Aim of the exercise
From the records below, extract all the text exactly and leave the images behind.

(Data provided begins)

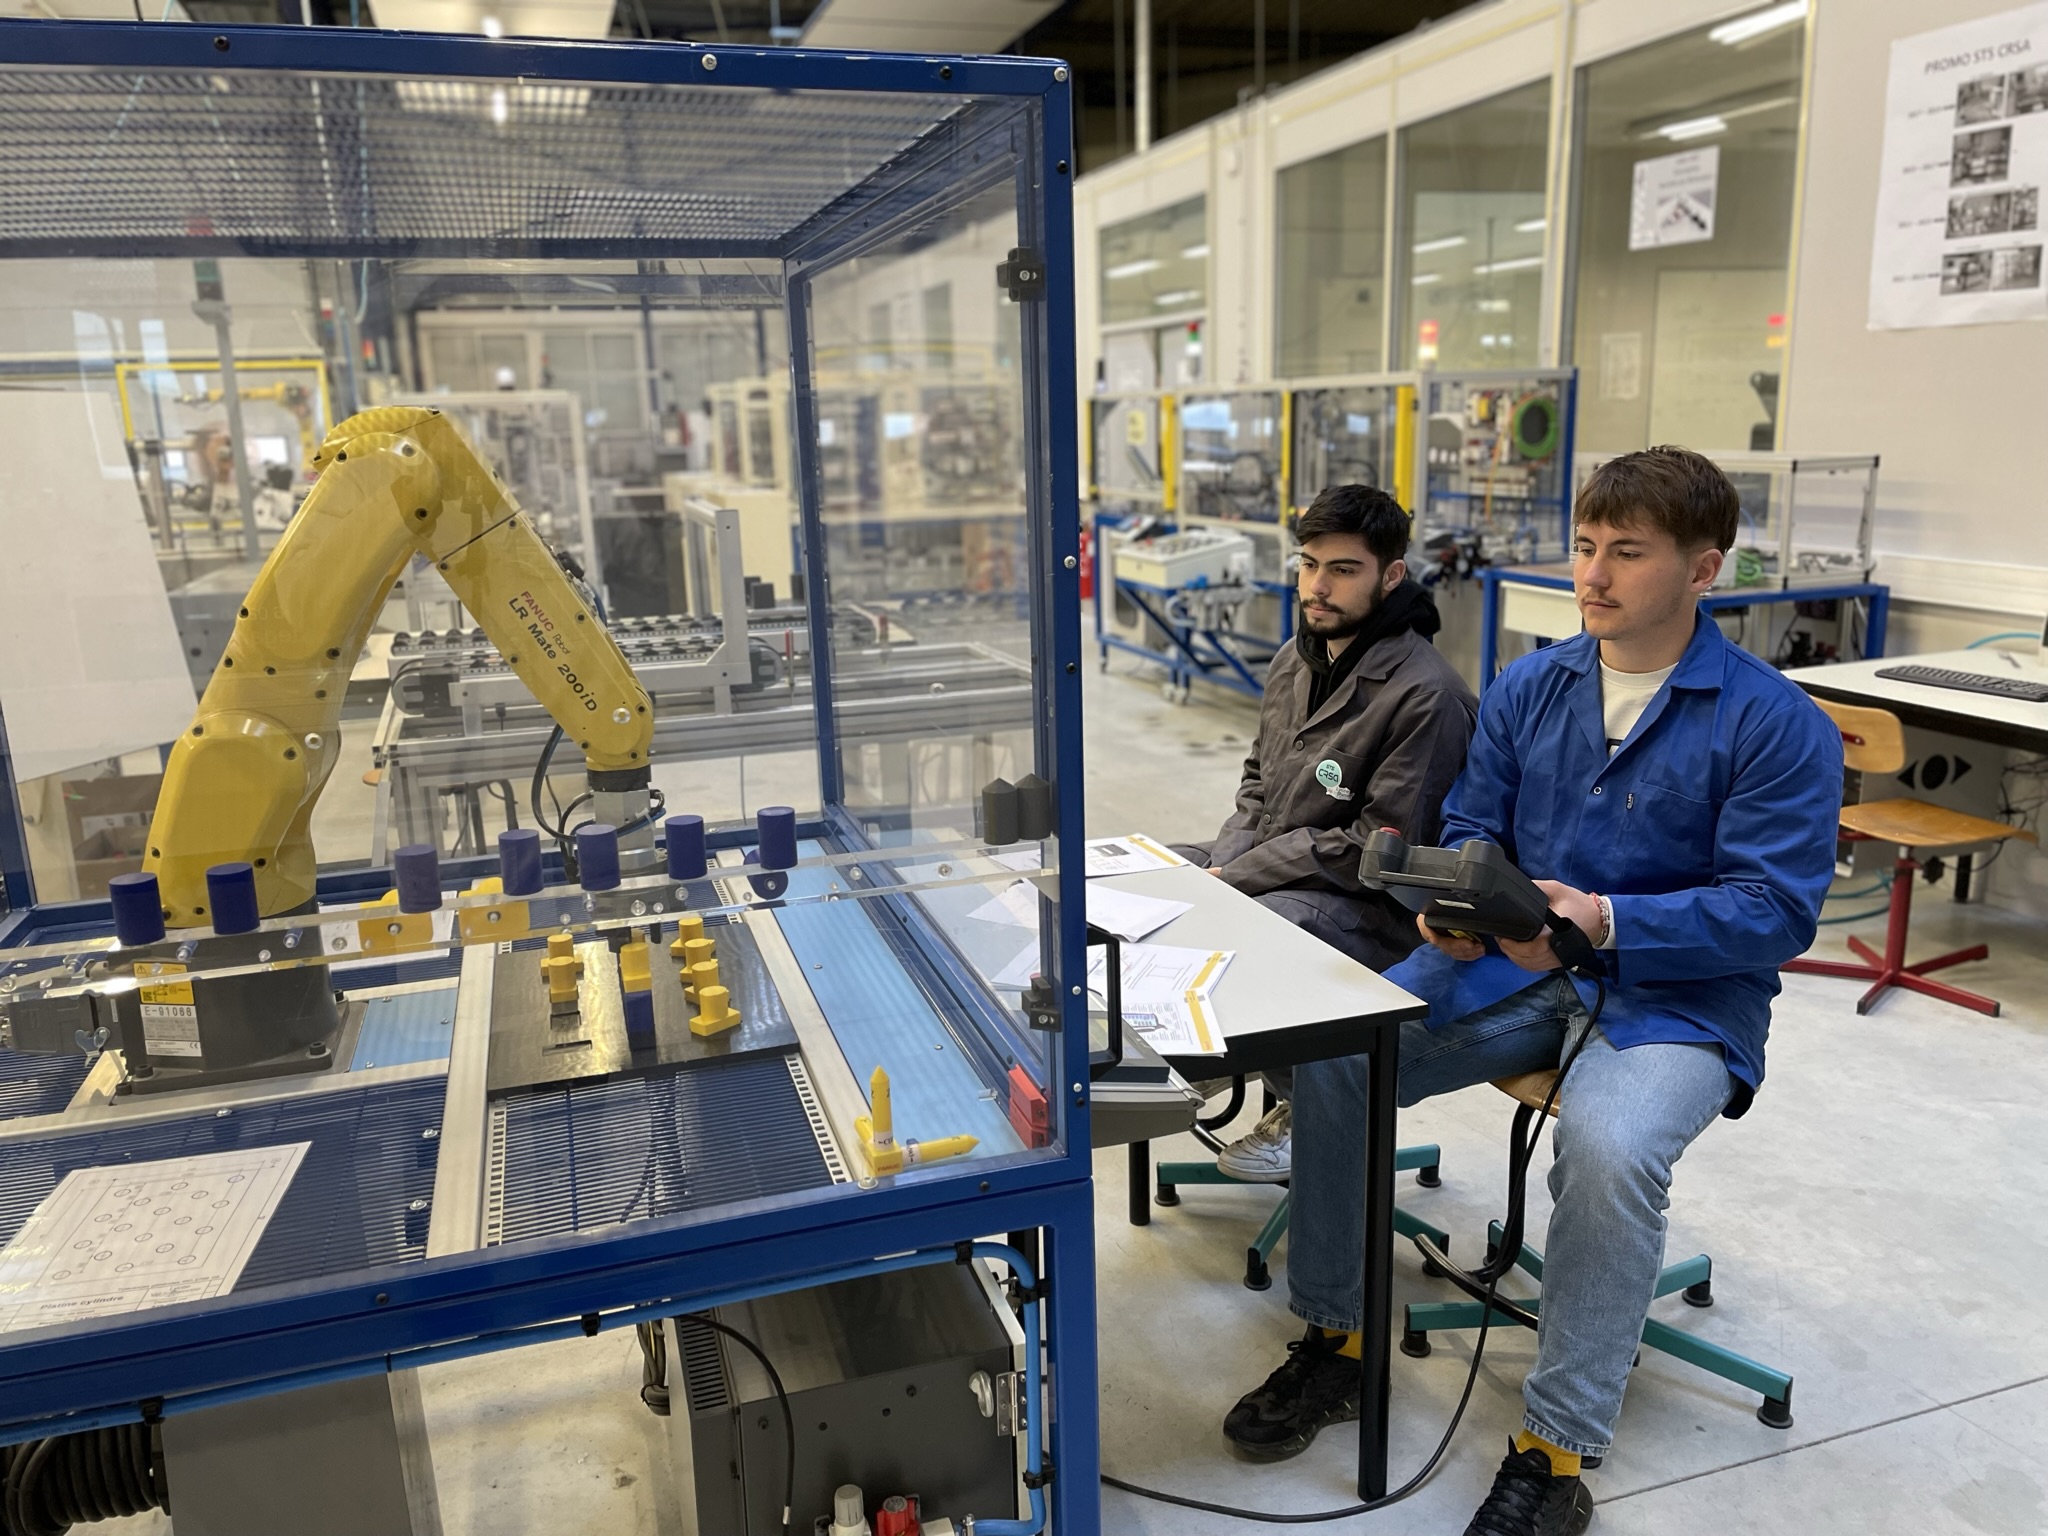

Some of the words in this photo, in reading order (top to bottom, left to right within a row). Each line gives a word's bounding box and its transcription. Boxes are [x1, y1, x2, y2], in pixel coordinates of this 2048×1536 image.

[1924, 52, 1971, 75] PROMO
[1973, 46, 1995, 64] STS
[520, 591, 554, 632] FANUC
[552, 633, 571, 656] Robot
[508, 597, 529, 620] LR
[527, 623, 557, 659] Mate
[557, 663, 597, 712] 200iD
[877, 1163, 900, 1173] FANUC
[39, 1301, 78, 1310] Platine
[80, 1296, 124, 1306] cylindre
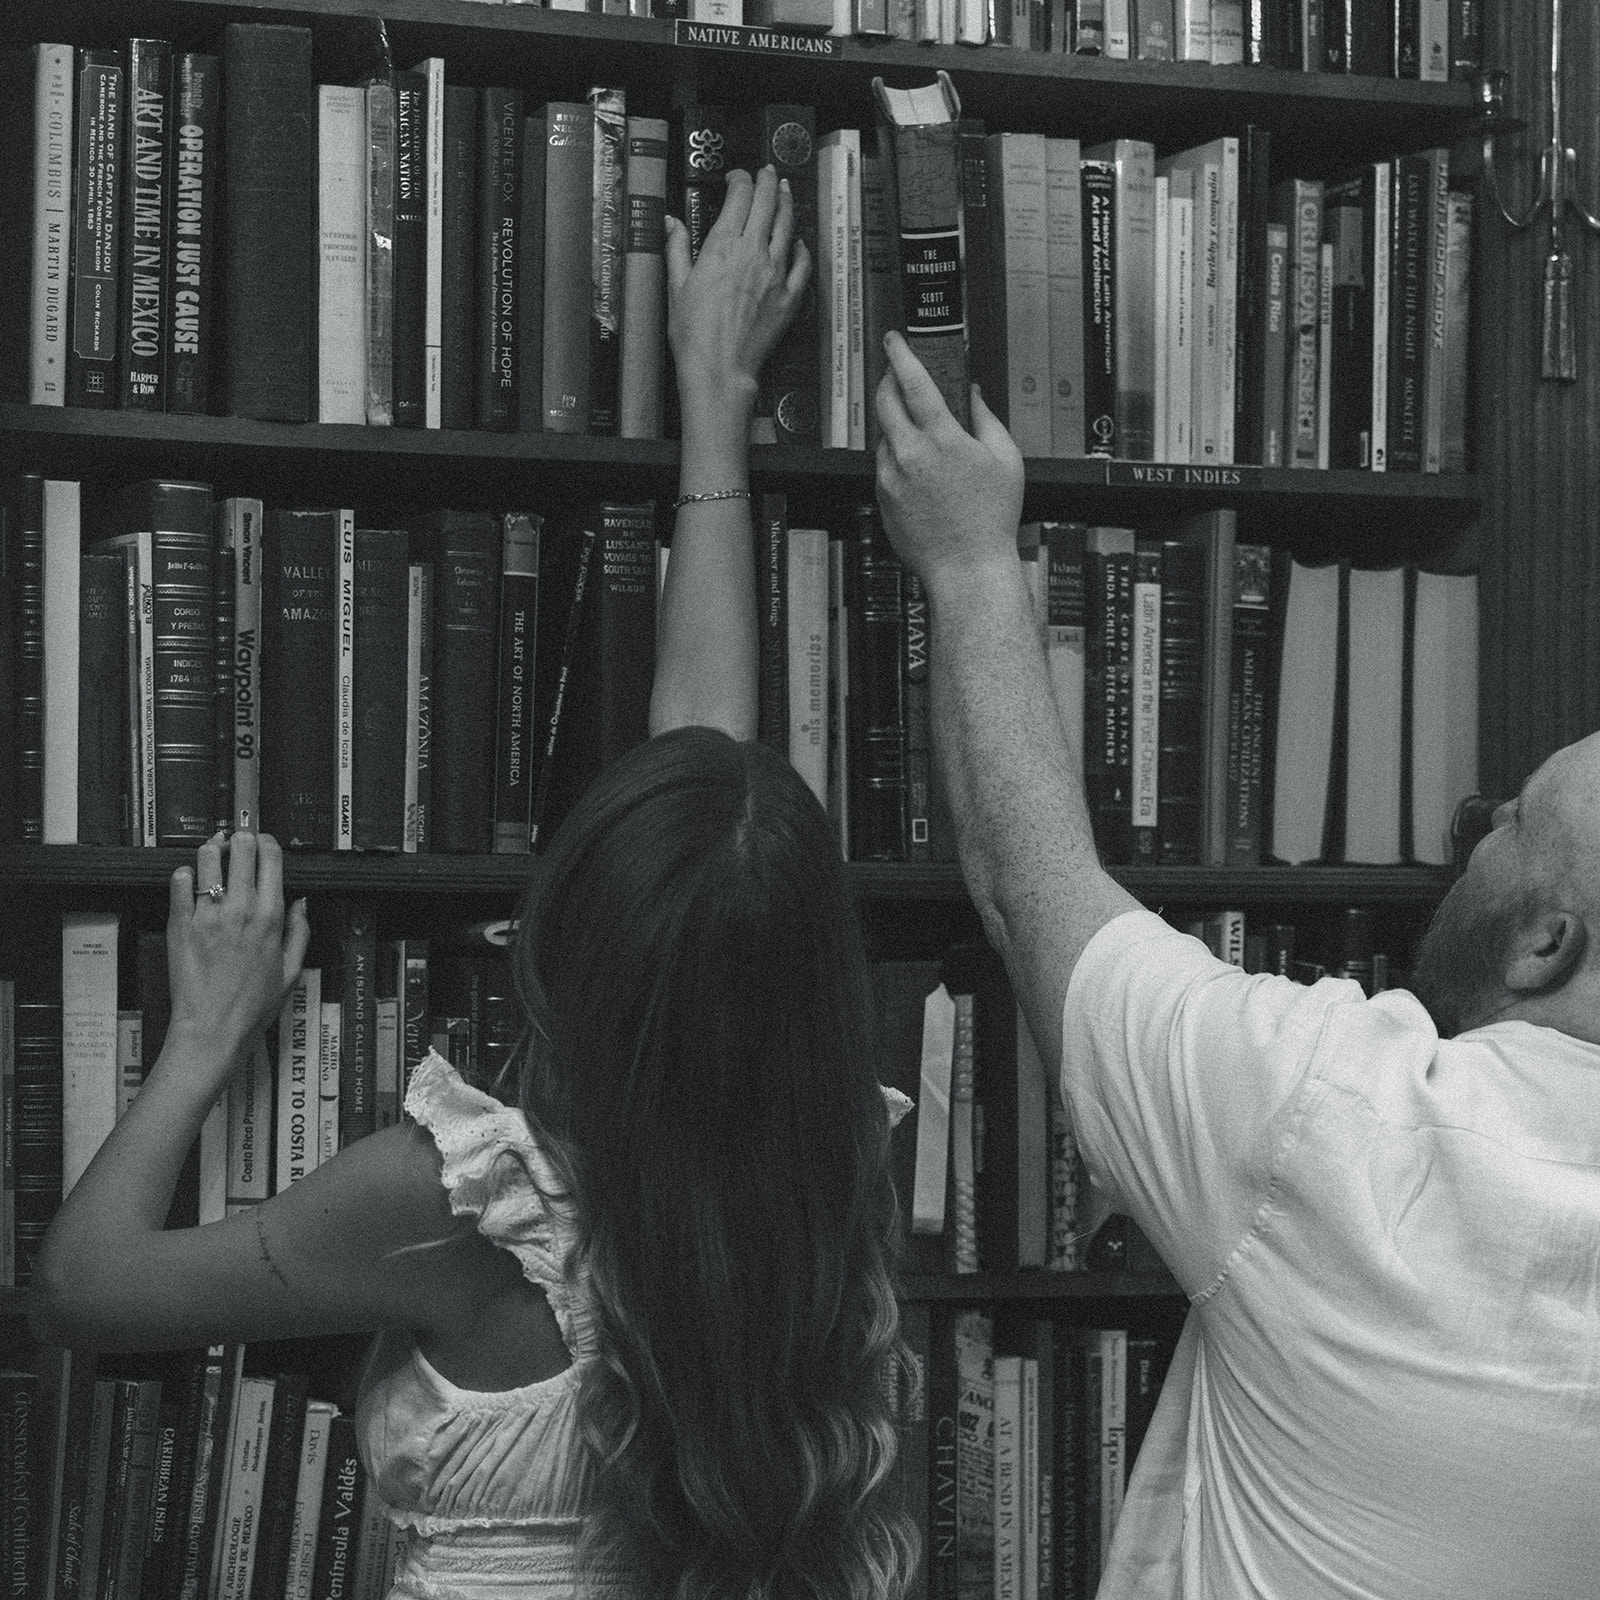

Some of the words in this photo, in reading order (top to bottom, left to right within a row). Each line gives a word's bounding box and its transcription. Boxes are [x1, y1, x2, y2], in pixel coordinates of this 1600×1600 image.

[687, 26, 740, 46] NATIVE
[747, 33, 834, 54] AMERICANS
[107, 74, 117, 100] THE
[106, 103, 117, 141] HAND
[134, 87, 164, 133] ART
[399, 90, 411, 149] MEXICAN
[47, 110, 63, 200] COLUMBUS
[502, 101, 515, 168] VICENTE
[134, 133, 164, 180] AND
[399, 152, 411, 200] NATION
[104, 163, 115, 219] CAPTAIN
[176, 125, 205, 237] OPERATION
[502, 172, 514, 204] FOX
[1102, 196, 1110, 207] A
[132, 183, 162, 240] TIME
[1092, 194, 1101, 214] Art
[103, 223, 113, 274] DANJOU
[1092, 217, 1101, 243] and
[1101, 210, 1110, 256] History
[46, 222, 62, 281] MARTIN
[131, 244, 162, 269] IN
[175, 240, 202, 287] JUST
[500, 217, 514, 317] REVOLUTION
[1102, 258, 1110, 271] of
[94, 283, 102, 309] COLIN
[921, 291, 944, 304] SCOTT
[1092, 244, 1102, 325] Architecture
[45, 286, 60, 343] DUGARD
[93, 310, 101, 352] RICKARDS
[129, 271, 161, 358] MEXICO
[173, 290, 201, 356] CAUSE
[500, 320, 513, 343] OF
[917, 305, 950, 318] WALLACE
[499, 346, 513, 389] HOPE
[1132, 466, 1175, 483] WEST
[1183, 468, 1242, 486] INDIES
[242, 511, 253, 544] Simon
[342, 519, 353, 565] LUIS
[341, 578, 352, 658] MIGUEL
[513, 610, 525, 634] THE
[906, 600, 926, 672] MAYA
[512, 637, 524, 662] ART
[235, 628, 256, 729] Waypoint
[511, 664, 523, 682] OF
[807, 633, 822, 712] memorias
[341, 675, 351, 719] Claudia
[509, 684, 522, 729] NORTH
[236, 733, 255, 761] 90
[341, 721, 350, 737] de
[800, 719, 821, 746] mis
[340, 739, 350, 770] Icaza
[508, 730, 521, 788] AMERICA
[340, 794, 350, 837] EDAMEX
[355, 953, 365, 972] AN
[291, 983, 308, 1015] THE
[355, 974, 365, 1021] ISLAND
[291, 1016, 307, 1051] NEW
[329, 1033, 339, 1072] MARIO
[354, 1022, 364, 1074] CALLED
[291, 1053, 307, 1087] KEY
[290, 1088, 306, 1111] TO
[353, 1076, 364, 1115] HOME
[241, 1126, 254, 1150] Rica
[290, 1112, 306, 1163] COSTA
[240, 1150, 255, 1185] Costa
[11, 1390, 33, 1483] Crossroads
[306, 1429, 321, 1466] Davis
[1000, 1416, 1012, 1438] AT
[156, 1426, 176, 1503] CARIBBEAN
[11, 1485, 31, 1504] of
[332, 1457, 357, 1520] Valdés
[935, 1415, 956, 1559] CHAVIN
[152, 1505, 168, 1544] ISLES
[241, 1504, 254, 1545] MEXICO
[1000, 1510, 1012, 1530] IN
[11, 1504, 31, 1597] Continents
[226, 1516, 241, 1590] ARCHEOLOGIE
[239, 1547, 250, 1562] DE
[325, 1526, 350, 1600] enínsula
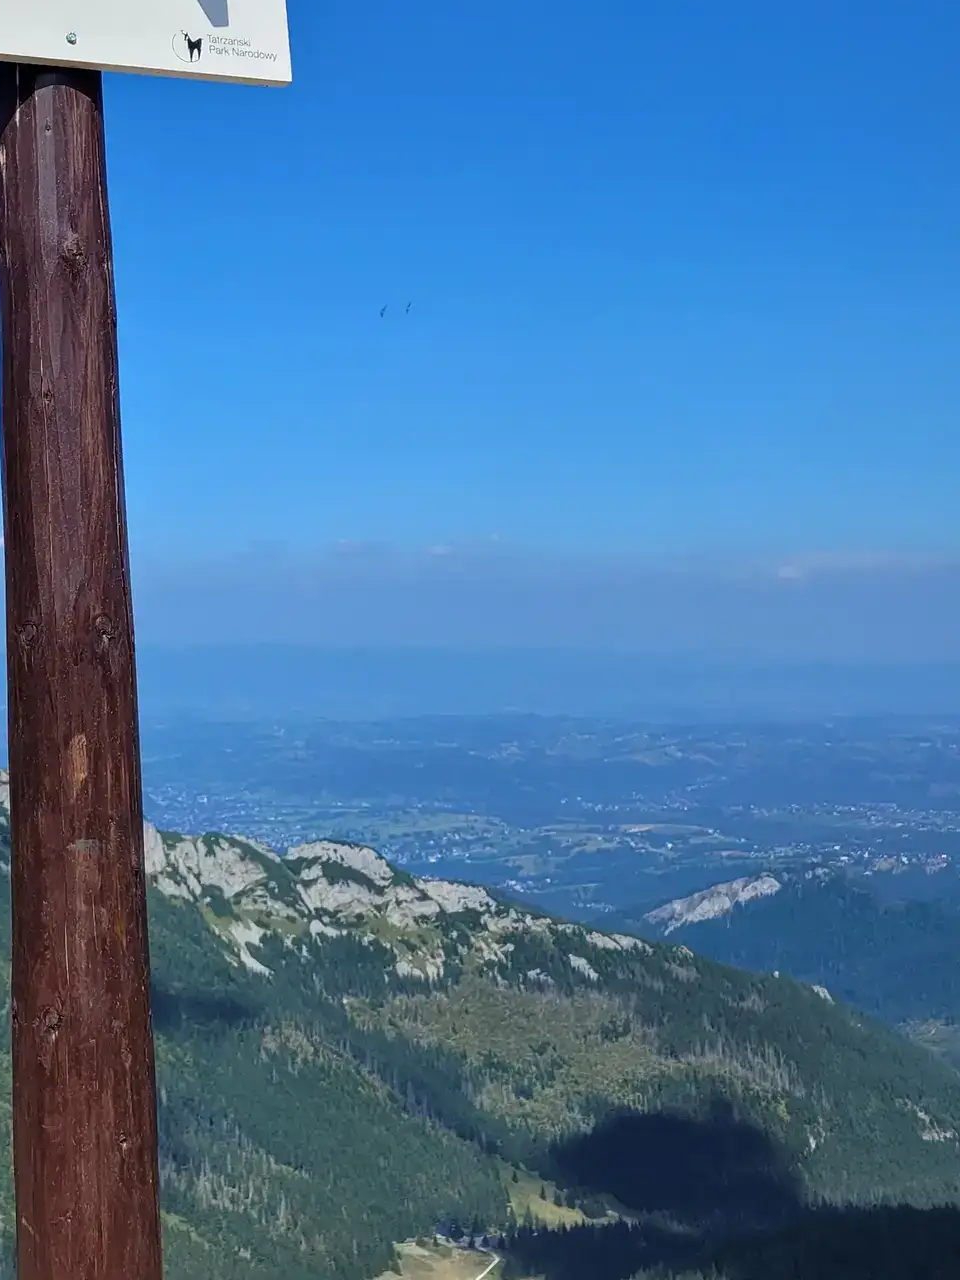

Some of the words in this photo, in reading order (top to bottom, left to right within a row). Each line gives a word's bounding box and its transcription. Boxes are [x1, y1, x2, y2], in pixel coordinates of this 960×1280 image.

(Data provided ends)

Result of this task
Some of the words in this photo, in reading order (top to bottom, left to right within a row). Each line gives a word's bounding box and its transcription. Boxes are [x1, y1, x2, y2], in pixel coordinates of this 2048×1536 image.

[1924, 52, 1971, 75] PROMO
[1973, 46, 1995, 64] STS
[520, 591, 554, 632] FANUC
[552, 633, 571, 656] Robot
[508, 597, 529, 620] LR
[527, 623, 557, 659] Mate
[557, 663, 597, 712] 200iD
[877, 1163, 900, 1173] FANUC
[39, 1301, 78, 1310] Platine
[80, 1296, 124, 1306] cylindre

Some of the words in this photo, in reading order (top to bottom, left to right within a row). Each line gives a word's bounding box and its transcription. Boxes are [x1, y1, x2, y2], in pixel coordinates of this 1600×1600 image.

[687, 26, 740, 46] NATIVE
[747, 33, 834, 54] AMERICANS
[107, 74, 117, 100] THE
[106, 103, 117, 141] HAND
[134, 87, 164, 133] ART
[399, 90, 411, 149] MEXICAN
[47, 110, 63, 200] COLUMBUS
[502, 101, 515, 168] VICENTE
[134, 133, 164, 180] AND
[399, 152, 411, 200] NATION
[104, 163, 115, 219] CAPTAIN
[176, 125, 205, 237] OPERATION
[502, 172, 514, 204] FOX
[1102, 196, 1110, 207] A
[132, 183, 162, 240] TIME
[1092, 194, 1101, 214] Art
[103, 223, 113, 274] DANJOU
[1092, 217, 1101, 243] and
[1101, 210, 1110, 256] History
[46, 222, 62, 281] MARTIN
[131, 244, 162, 269] IN
[175, 240, 202, 287] JUST
[500, 217, 514, 317] REVOLUTION
[1102, 258, 1110, 271] of
[94, 283, 102, 309] COLIN
[921, 291, 944, 304] SCOTT
[1092, 244, 1102, 325] Architecture
[45, 286, 60, 343] DUGARD
[93, 310, 101, 352] RICKARDS
[129, 271, 161, 358] MEXICO
[173, 290, 201, 356] CAUSE
[500, 320, 513, 343] OF
[917, 305, 950, 318] WALLACE
[499, 346, 513, 389] HOPE
[1132, 466, 1175, 483] WEST
[1183, 468, 1242, 486] INDIES
[242, 511, 253, 544] Simon
[342, 519, 353, 565] LUIS
[341, 578, 352, 658] MIGUEL
[513, 610, 525, 634] THE
[906, 600, 926, 672] MAYA
[512, 637, 524, 662] ART
[235, 628, 256, 729] Waypoint
[511, 664, 523, 682] OF
[807, 633, 822, 712] memorias
[341, 675, 351, 719] Claudia
[509, 684, 522, 729] NORTH
[236, 733, 255, 761] 90
[341, 721, 350, 737] de
[800, 719, 821, 746] mis
[340, 739, 350, 770] Icaza
[508, 730, 521, 788] AMERICA
[340, 794, 350, 837] EDAMEX
[355, 953, 365, 972] AN
[291, 983, 308, 1015] THE
[355, 974, 365, 1021] ISLAND
[291, 1016, 307, 1051] NEW
[329, 1033, 339, 1072] MARIO
[354, 1022, 364, 1074] CALLED
[291, 1053, 307, 1087] KEY
[290, 1088, 306, 1111] TO
[353, 1076, 364, 1115] HOME
[241, 1126, 254, 1150] Rica
[290, 1112, 306, 1163] COSTA
[240, 1150, 255, 1185] Costa
[11, 1390, 33, 1483] Crossroads
[306, 1429, 321, 1466] Davis
[1000, 1416, 1012, 1438] AT
[156, 1426, 176, 1503] CARIBBEAN
[11, 1485, 31, 1504] of
[332, 1457, 357, 1520] Valdés
[935, 1415, 956, 1559] CHAVIN
[152, 1505, 168, 1544] ISLES
[241, 1504, 254, 1545] MEXICO
[1000, 1510, 1012, 1530] IN
[11, 1504, 31, 1597] Continents
[226, 1516, 241, 1590] ARCHEOLOGIE
[239, 1547, 250, 1562] DE
[325, 1526, 350, 1600] enínsula

Some of the words in this photo, in reading order (top to bottom, left to right within a row). Each line gives a word's bounding box and its transcription. Boxes are [x1, y1, x2, y2], in pixel coordinates of this 960×1280 image.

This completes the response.